Halladay cruised through the first six innings, throwing only 56 pitches. Ramirez destroyed his 10th pitch, driving it over one of the light towers and into the parking garage across Landsdowne Street. It bounced once in the garage and landed down on the railroad tracks that run along the Mass Pike. Manny's last five hits have been home runs.
That first-inning homer gave Boston a 1-0 lead until Koskie's HR tied it. Halladay actually had a three-pitch inning in the fourth. Nixon singled, Ramirez hit into a double play and Ortiz tapped back to the mound. If the first two guys are out on two pitches, you almost always see the third guy take at least a couple, if only to give his own pitcher an opportunity to get a drink of water. Not this time.
Halladay ran into trouble in the seventh. With one out, he walked Ramirez on four pitches and gave up a home run to deep right to Ortiz. Millar was hit with a pitch and David McCarty pinch-ran. He also took over at first base in the top of the eighth. At the same time, Francona pulled Ramirez, sending Jay Payton to left field.

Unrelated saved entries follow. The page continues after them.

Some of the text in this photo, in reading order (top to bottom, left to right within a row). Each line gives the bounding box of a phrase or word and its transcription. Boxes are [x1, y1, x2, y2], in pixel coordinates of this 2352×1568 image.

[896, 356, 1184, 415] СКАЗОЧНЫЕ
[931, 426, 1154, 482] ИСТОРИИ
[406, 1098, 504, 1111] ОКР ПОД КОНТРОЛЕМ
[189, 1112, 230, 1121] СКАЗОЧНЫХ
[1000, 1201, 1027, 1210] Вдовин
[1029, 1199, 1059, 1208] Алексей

If Manny wasn't hurt, this was a highly questionable decision. Boston held a two-run lead with two innings to play, and Manny's spot was guaranteed to come up again -- he would be the 5th batter in the 8th. Alan Embree relieved Arroyo in the eighth and in five pitches gave up a single to Koskie and a game-tying home run to dead center to Vernon Wells.

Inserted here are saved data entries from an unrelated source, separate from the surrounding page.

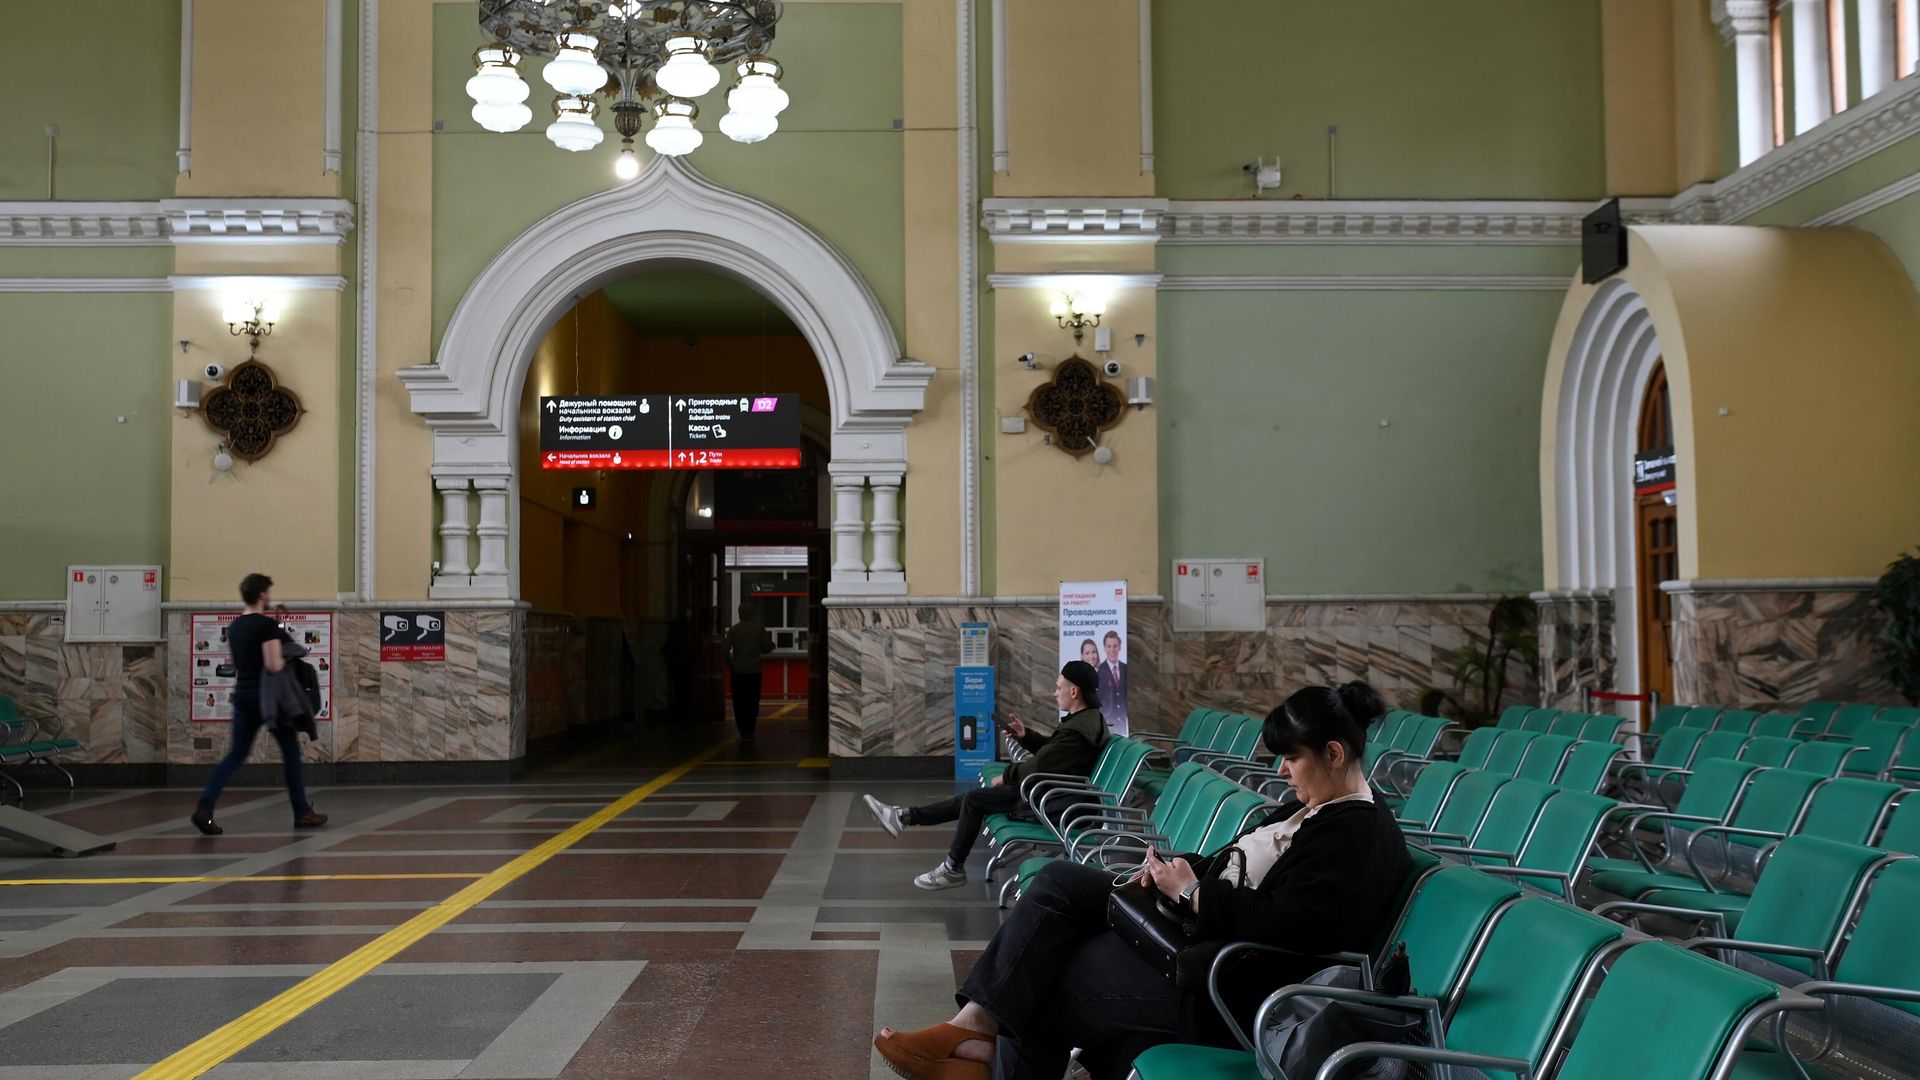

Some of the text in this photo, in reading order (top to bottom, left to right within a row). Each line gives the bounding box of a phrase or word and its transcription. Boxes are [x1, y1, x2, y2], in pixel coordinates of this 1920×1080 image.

[559, 399, 637, 409] Дежурный помощник
[688, 399, 738, 407] Пригородные
[757, 400, 772, 410] D2
[559, 426, 607, 434] Информация
[688, 424, 710, 432] Кассы
[689, 452, 707, 464] 1,2
[1063, 608, 1117, 617] Проводников
[1063, 619, 1118, 627] пассажирских

In the bottom of the eighth, Halladay retired Vazquez and Bellhorn, but allowed a single to Damon, balked him to second and wild pitched him to third. Toronto decided to walk Nixon intentionally (the count was 3-2) and pitch to ... Payton. Manny's understudy popped up the first pitch to left to end the inning.

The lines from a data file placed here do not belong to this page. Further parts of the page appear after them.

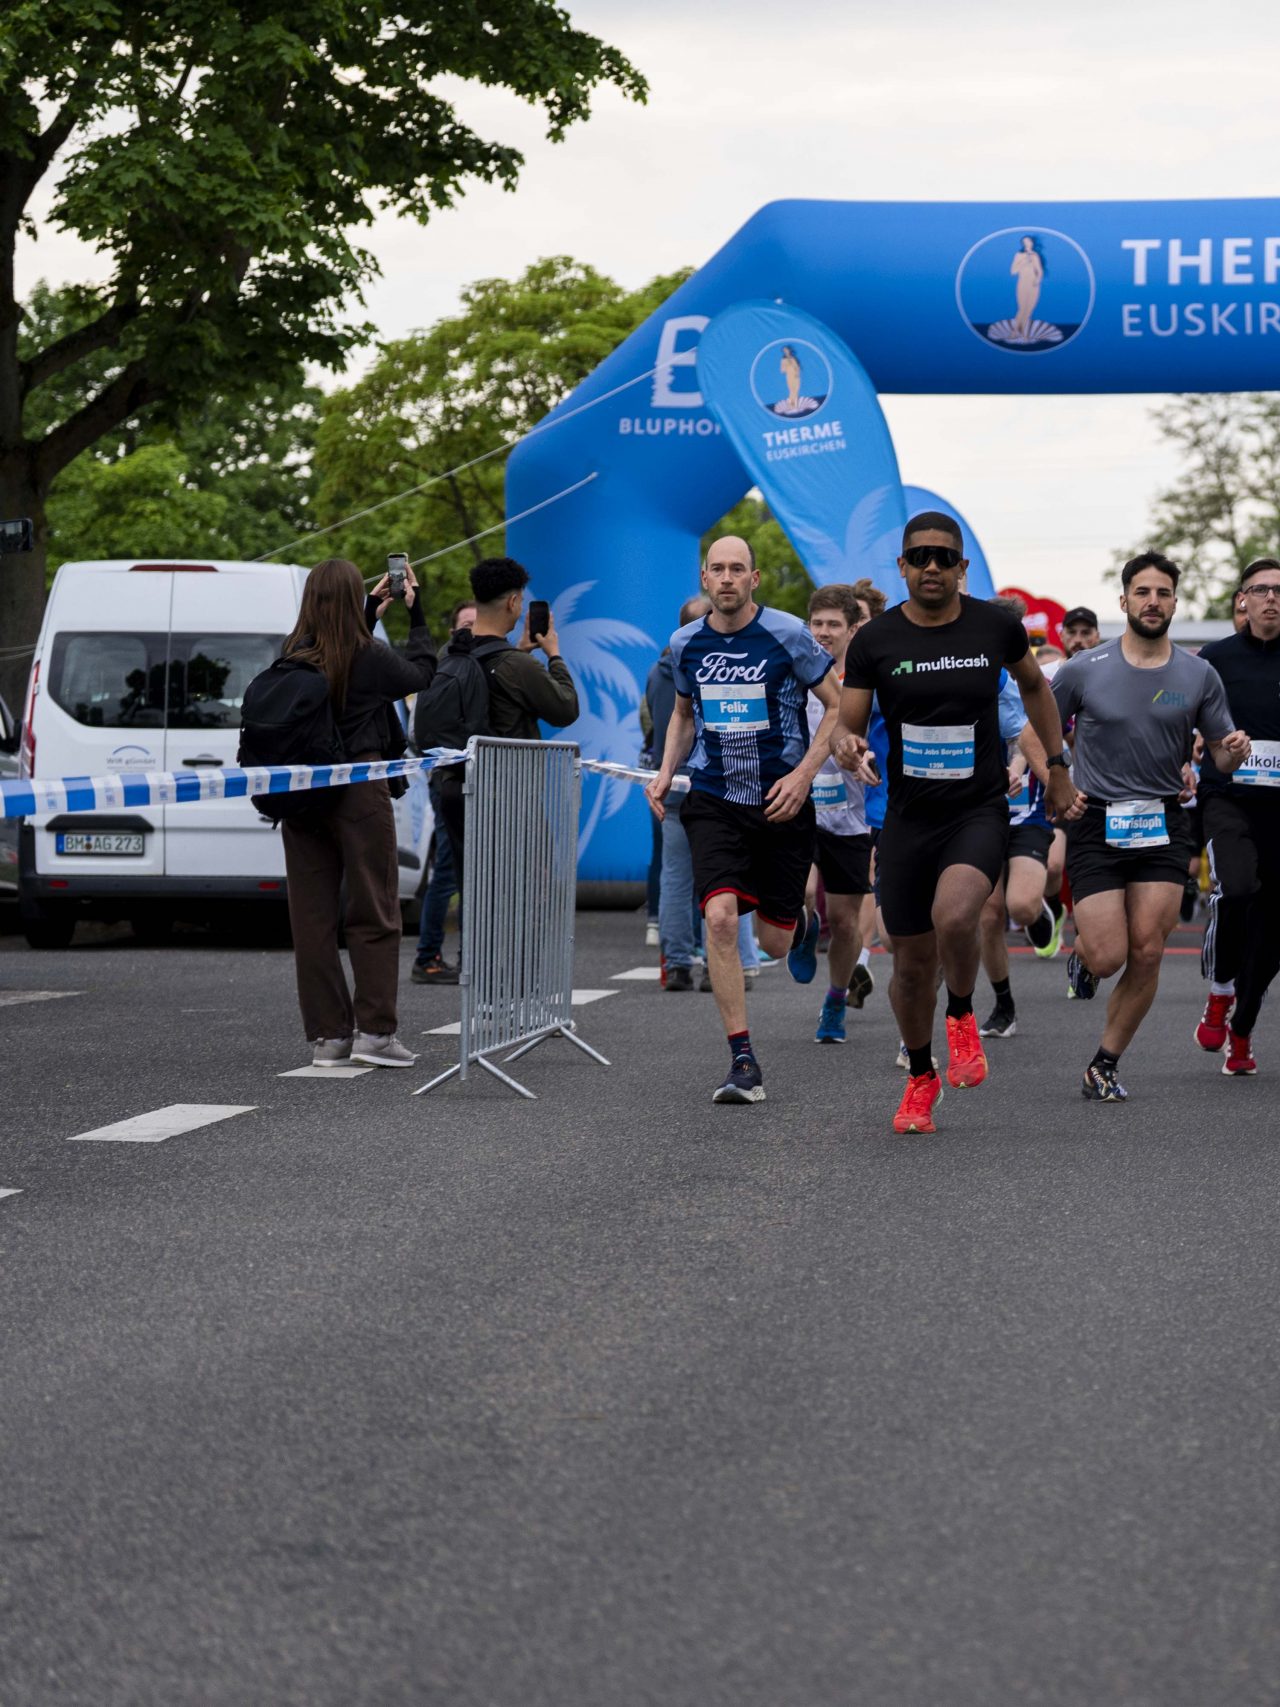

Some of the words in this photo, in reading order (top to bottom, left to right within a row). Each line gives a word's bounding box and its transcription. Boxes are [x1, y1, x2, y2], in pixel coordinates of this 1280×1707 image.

[618, 417, 721, 436] BLUPHO
[763, 421, 843, 447] THERME
[765, 439, 847, 462] EUSKIRCHEN
[695, 652, 768, 683] Ford
[916, 653, 989, 673] multicash
[720, 701, 749, 714] Felix
[812, 787, 838, 799] shua
[1109, 815, 1162, 831] Christoph
[66, 836, 84, 850] BM
[94, 836, 112, 850] AG
[115, 836, 141, 850] 273

Keith Foulke allowed the go-ahead run in the ninth. After hitting Catalanotto and walking Zaun, Foulke gave up singles to Hillenband (a runner was thrown out at the plate) and Koskie. 4-3 Blue Jays.
The Red Sox rallied against Miguel Batista in the bottom of the ninth. After Ortiz flew to the track in left, McCarty singled to deep short. Renteria flew to left, but Varitek's single to left center put McCarty on third. But that was as far as he got, as Vazquez hit an 0-2 pitch to Wells in center.
You could second guess Francona for bringing in Embree in the eighth -- should Foulke have pitched two innings, having been off yesterday? However, I think those criticisms would be off-base because (a) Embree has been quite good and (b) Foulke gave the game away anyway.
Rather than fault Tito's use of the pen, I'd bitch about taking Manny out of the game and the entire team's failure to work the count against Halladay. Boston hit zero two-strike fouls in the first six innings. Halladay's pitch count by innings: 15-10-10 3-9-9 27-17: 100.
Until the seventh, the Red Sox had only two base runners: Manny's home run and Nixon's single leading off the fourth. Trot was erased on a double play on the very next pitch.
Good news from the Bronx, however, as Tampa Bay scored six runs off Randy Johnson (5.13 ERA) and beat the Yankees 6-2. Eduardo Perez hit two home runs for the Rays. ... Brian Roberts led the Orioles to an 8-4 win over the Tigers.
Boston visits Camden Yards at 7:00 tonight, with Wells facing Bruce Chen, who threw a complete game four-hitter at the Yankees in his last start.